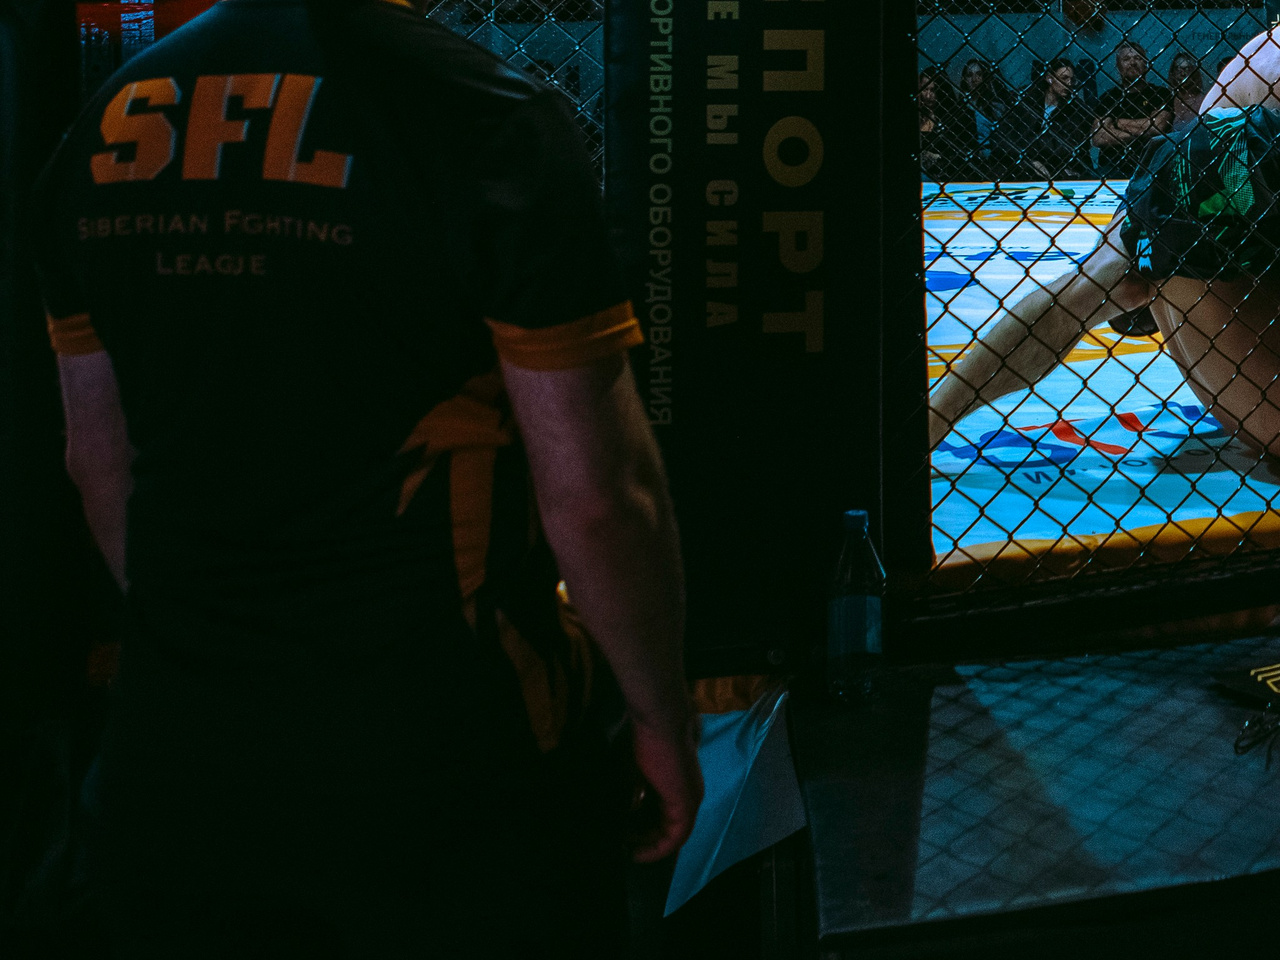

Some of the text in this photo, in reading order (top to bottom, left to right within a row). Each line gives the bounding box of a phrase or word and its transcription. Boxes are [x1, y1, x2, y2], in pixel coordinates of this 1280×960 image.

[89, 72, 353, 188] SFL
[704, 53, 740, 146] МЫ
[223, 209, 354, 246] FGHTING
[704, 178, 739, 328] СИЛА
[645, 182, 673, 426] ОБОРУДОВАНИЯ

◇ ◇ ◇

▶ _HOW TO COMPLETE THIS TASK_:
Restate each line of the records exactly; pictures do not belong in the copy.

▶ _SOLVED EXERCISE_:
Some of the text in this photo, in reading order (top to bottom, left to right within a row). Each line gives the bounding box of a phrase or word and its transcription. Boxes are [x1, y1, x2, y2], in pixel coordinates of this 1280×960 image.

[89, 72, 353, 188] SFL
[704, 53, 740, 146] МЫ
[223, 209, 354, 246] FGHTING
[704, 178, 739, 328] СИЛА
[645, 182, 673, 426] ОБОРУДОВАНИЯ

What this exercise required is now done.